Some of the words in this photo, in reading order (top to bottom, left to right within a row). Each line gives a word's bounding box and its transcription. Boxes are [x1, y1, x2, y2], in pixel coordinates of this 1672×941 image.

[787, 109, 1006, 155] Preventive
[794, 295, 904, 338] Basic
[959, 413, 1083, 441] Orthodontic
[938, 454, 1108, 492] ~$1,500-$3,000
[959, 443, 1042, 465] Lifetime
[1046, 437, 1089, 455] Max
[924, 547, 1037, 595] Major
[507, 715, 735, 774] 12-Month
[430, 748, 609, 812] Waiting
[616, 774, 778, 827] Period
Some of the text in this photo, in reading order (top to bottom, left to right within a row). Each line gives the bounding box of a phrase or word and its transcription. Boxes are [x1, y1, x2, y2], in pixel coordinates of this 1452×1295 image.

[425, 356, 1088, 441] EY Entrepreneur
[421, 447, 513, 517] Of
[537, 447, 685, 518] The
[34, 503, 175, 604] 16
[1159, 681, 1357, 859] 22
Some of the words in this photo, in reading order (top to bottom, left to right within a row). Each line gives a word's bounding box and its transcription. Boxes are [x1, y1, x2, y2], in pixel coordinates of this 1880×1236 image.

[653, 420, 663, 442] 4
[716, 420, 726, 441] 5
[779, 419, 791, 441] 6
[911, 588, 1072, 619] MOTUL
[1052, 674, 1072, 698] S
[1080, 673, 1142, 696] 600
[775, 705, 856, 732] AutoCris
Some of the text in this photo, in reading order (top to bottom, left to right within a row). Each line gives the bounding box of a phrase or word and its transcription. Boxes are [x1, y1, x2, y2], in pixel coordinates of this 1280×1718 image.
-------
## EXERCISE REQUIREMENTS
Word for word, restate the line with "this 1880×1236 image." and all remaining lines of the material, stopping only at the final line.

## EXPECTED ANSWER
Some of the words in this photo, in reading order (top to bottom, left to right within a row). Each line gives a word's bounding box and its transcription. Boxes are [x1, y1, x2, y2], in pixel coordinates of this 1880×1236 image.

[653, 420, 663, 442] 4
[716, 420, 726, 441] 5
[779, 419, 791, 441] 6
[911, 588, 1072, 619] MOTUL
[1052, 674, 1072, 698] S
[1080, 673, 1142, 696] 600
[775, 705, 856, 732] AutoCris
Some of the text in this photo, in reading order (top to bottom, left to right within a row). Each line gives the bounding box of a phrase or word and its transcription. Boxes are [x1, y1, x2, y2], in pixel coordinates of this 1280×1718 image.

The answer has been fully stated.